▸ **Work instructions**: Reproduce the entries beneath exactly, without their images.

BEGIN Material provided

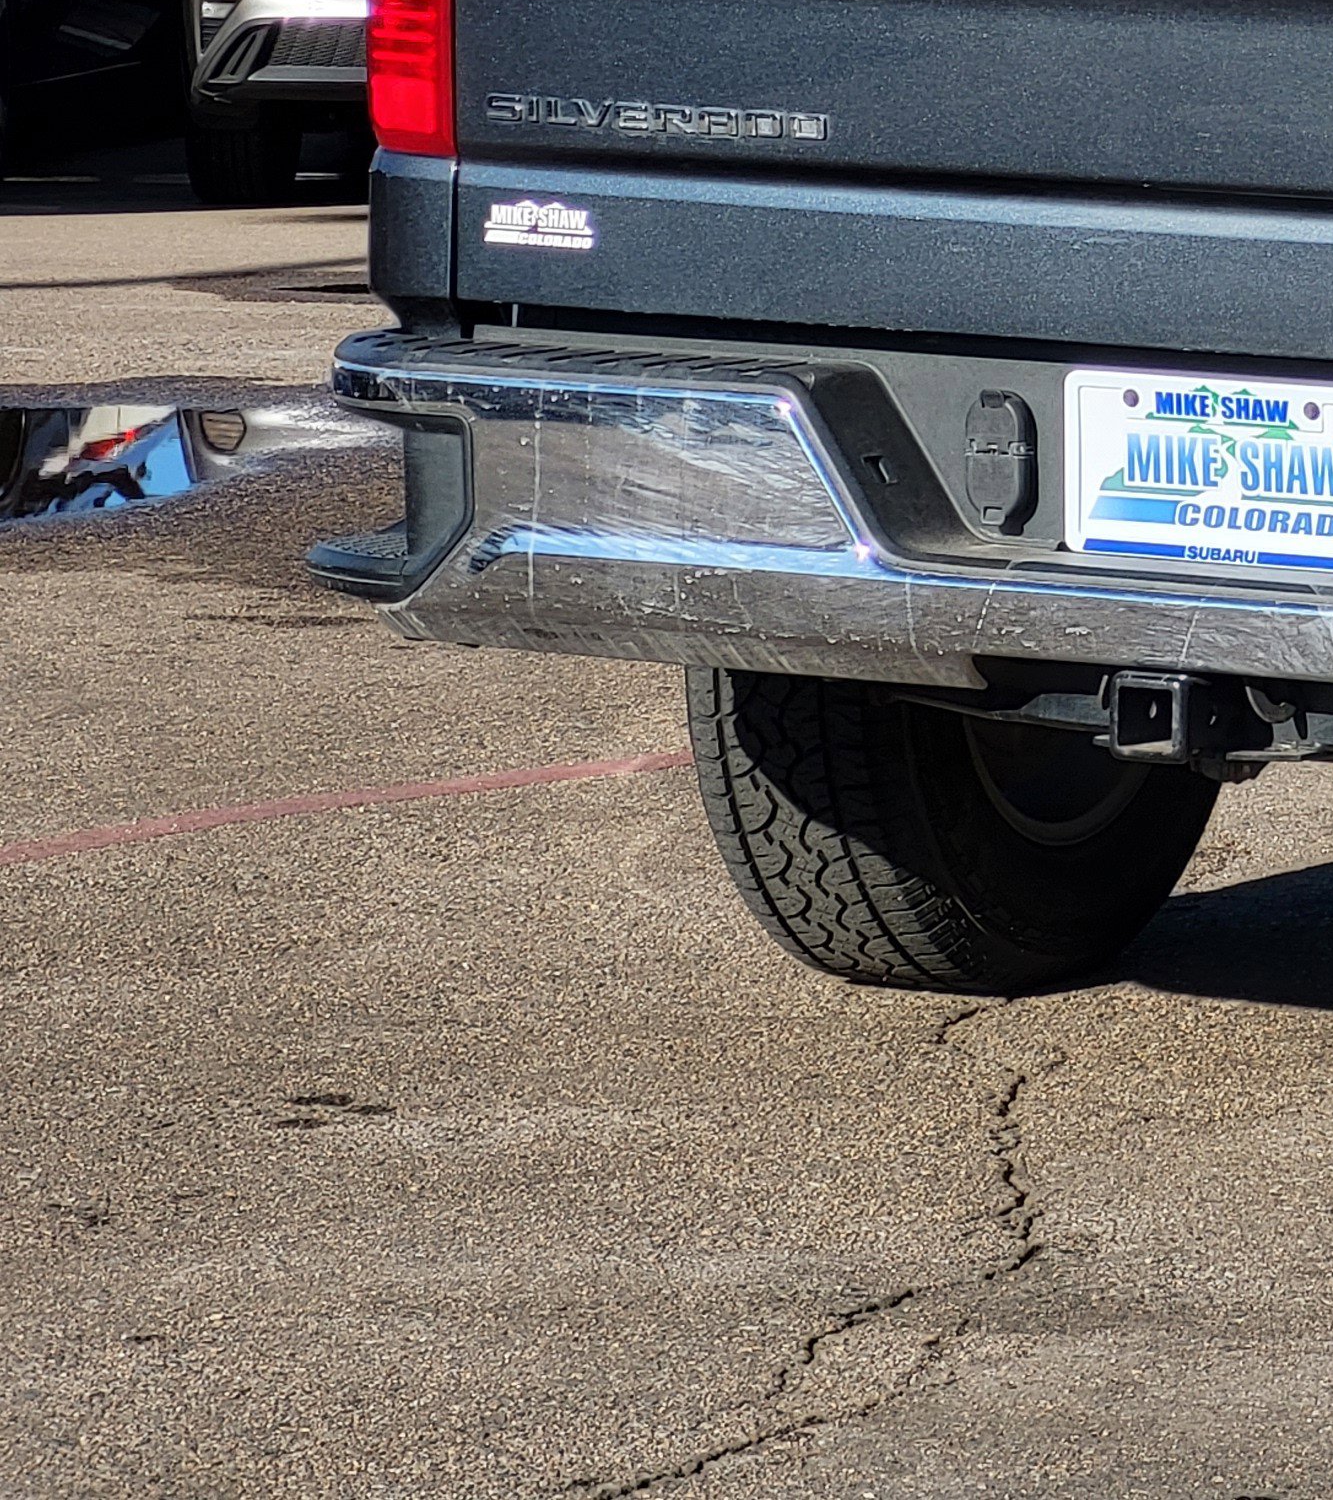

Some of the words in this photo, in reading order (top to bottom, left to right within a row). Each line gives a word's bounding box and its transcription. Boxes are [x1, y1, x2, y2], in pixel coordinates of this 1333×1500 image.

[486, 92, 830, 141] SILVERADO
[491, 204, 534, 227] MIKE
[538, 207, 588, 230] SHAW
[519, 232, 593, 249] COLORADO
[1155, 391, 1211, 417] MIKE
[1221, 397, 1289, 423] SHAW
[1127, 433, 1219, 488] MIKE
[1186, 544, 1258, 564] SUBARU
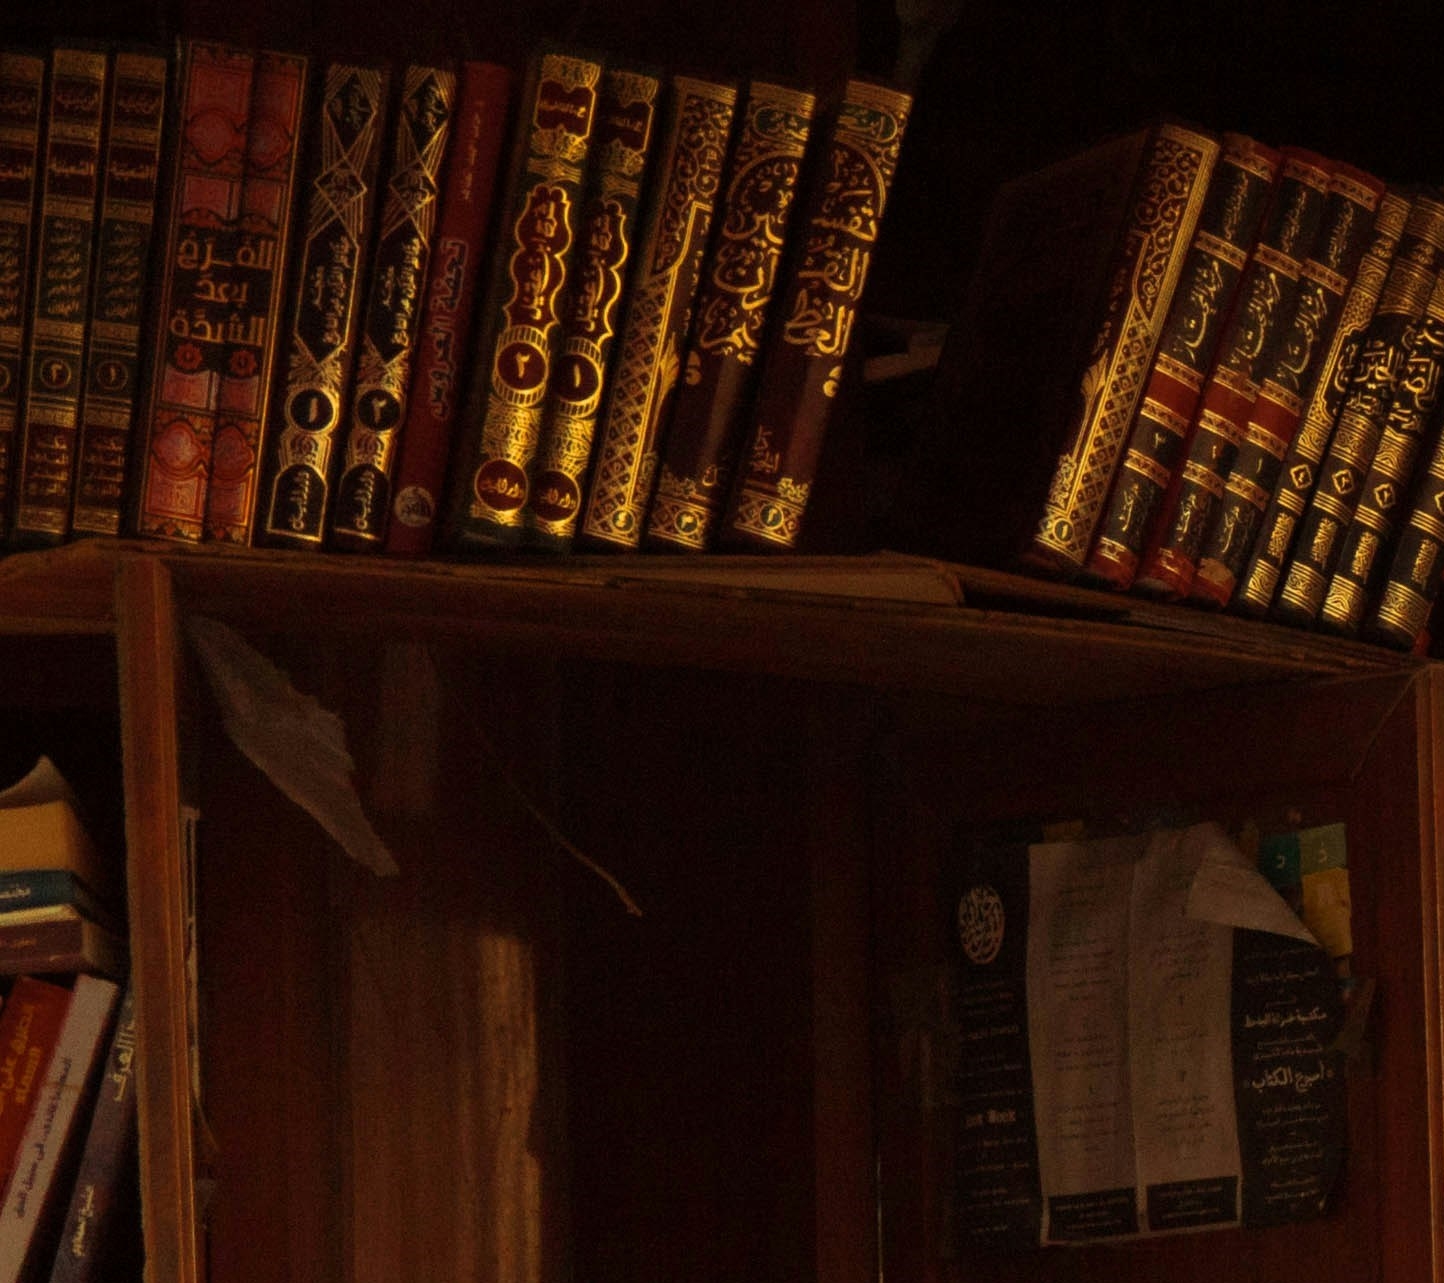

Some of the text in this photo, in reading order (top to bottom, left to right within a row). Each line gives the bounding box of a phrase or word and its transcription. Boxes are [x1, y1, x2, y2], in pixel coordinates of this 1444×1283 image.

[176, 233, 274, 271] الفرج
[194, 276, 249, 304] بعد
[170, 308, 265, 346] الشدة
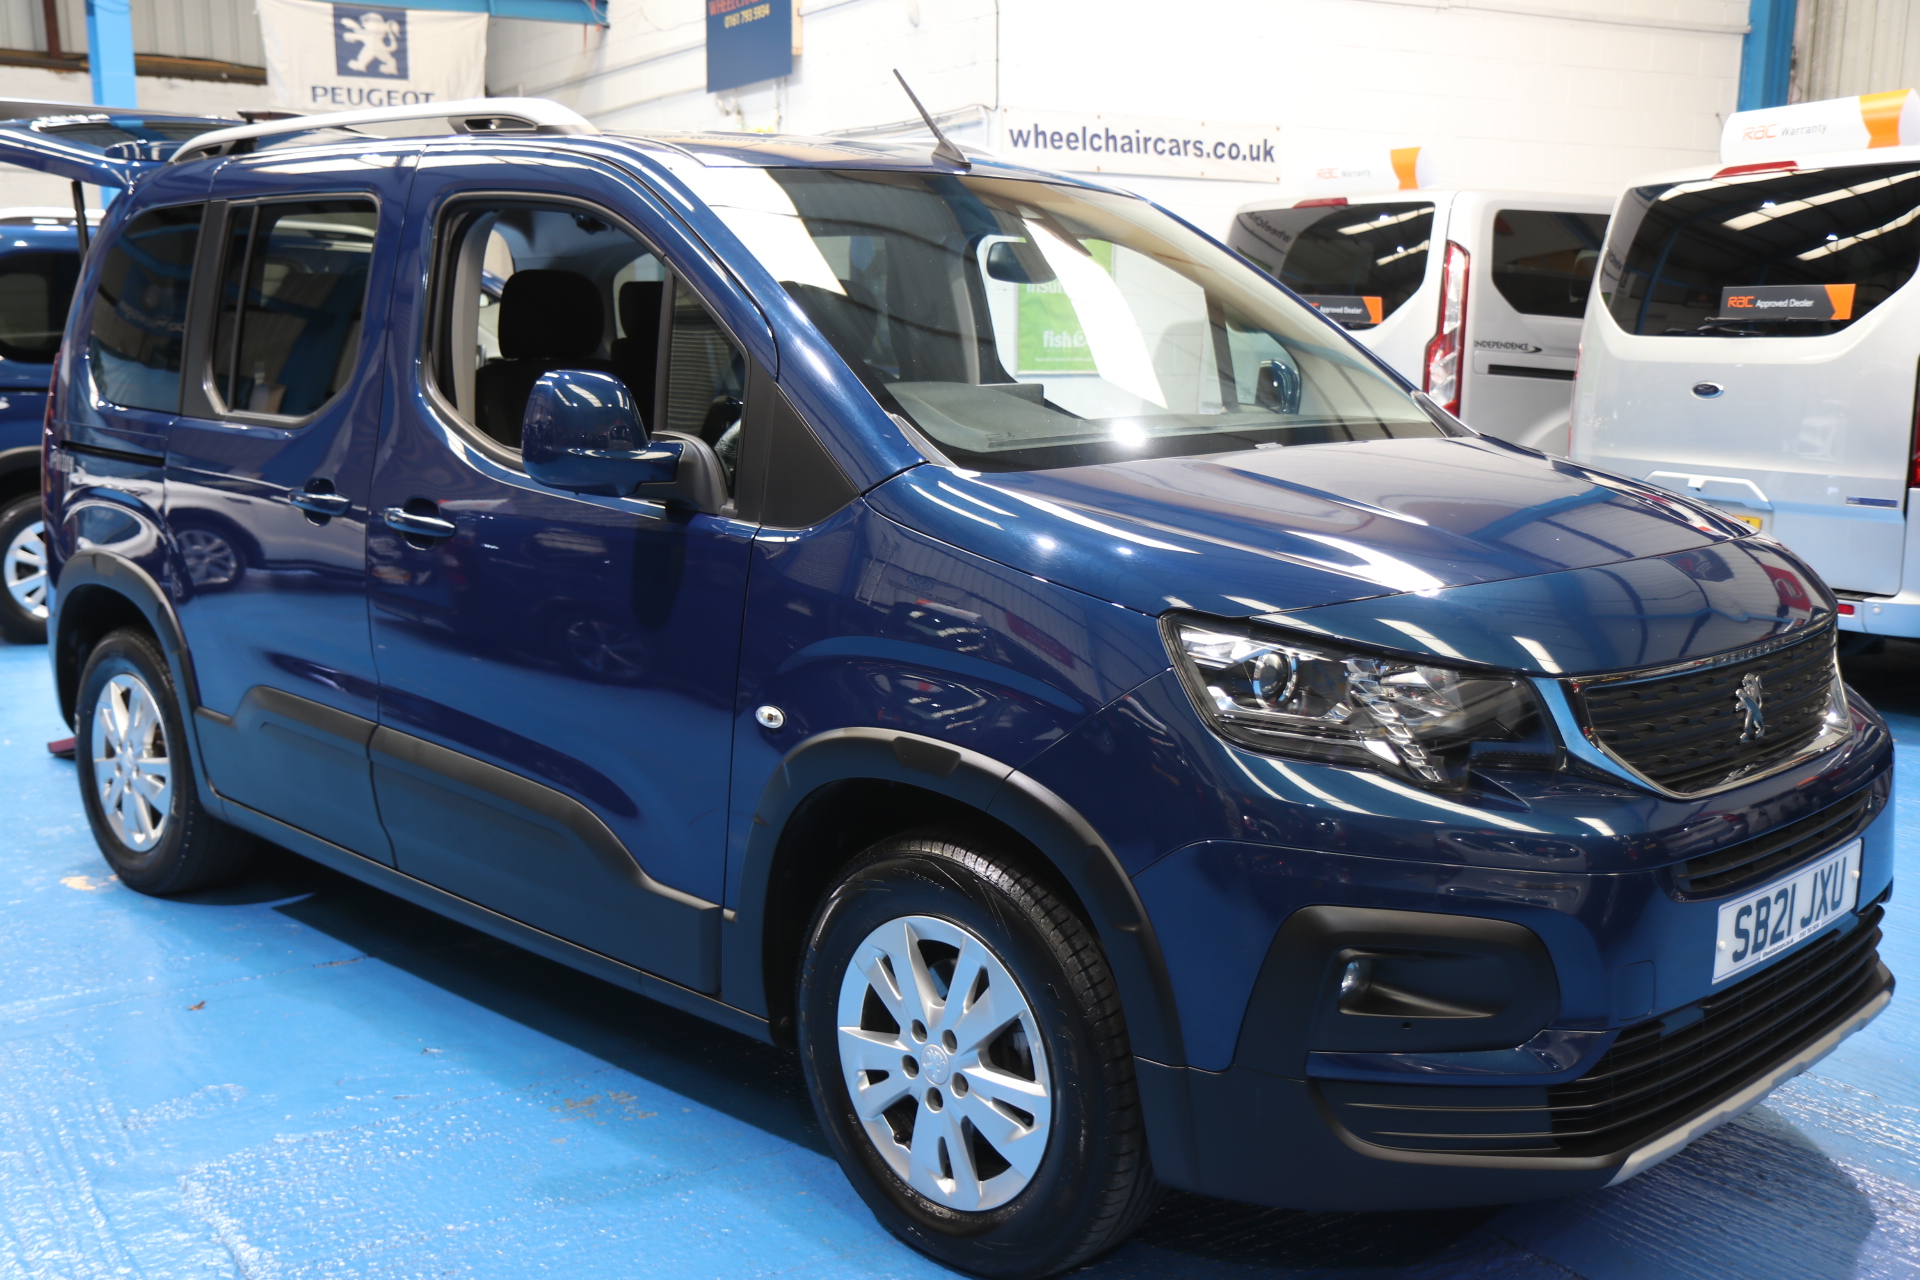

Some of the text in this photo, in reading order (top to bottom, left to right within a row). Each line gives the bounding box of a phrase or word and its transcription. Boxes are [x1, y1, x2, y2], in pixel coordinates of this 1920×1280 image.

END Material provided

▸ **Response to this task**:
Some of the words in this photo, in reading order (top to bottom, left to right within a row). Each line gives a word's bounding box and its transcription. Boxes are [x1, y1, x2, y2], in pixel coordinates of this 1333×1500 image.

[486, 92, 830, 141] SILVERADO
[491, 204, 534, 227] MIKE
[538, 207, 588, 230] SHAW
[519, 232, 593, 249] COLORADO
[1155, 391, 1211, 417] MIKE
[1221, 397, 1289, 423] SHAW
[1127, 433, 1219, 488] MIKE
[1186, 544, 1258, 564] SUBARU

Some of the text in this photo, in reading order (top to bottom, left to right within a row). Each line gives the bounding box of a phrase or word and its transcription. Boxes are [x1, y1, x2, y2], in pixel coordinates of this 1444×1283 image.

[176, 233, 274, 271] الفرج
[194, 276, 249, 304] بعد
[170, 308, 265, 346] الشدة

Some of the text in this photo, in reading order (top to bottom, left to right within a row). Each line gives the bounding box of a phrase or word and its transcription. Boxes are [x1, y1, x2, y2], in pixel coordinates of this 1920×1280 image.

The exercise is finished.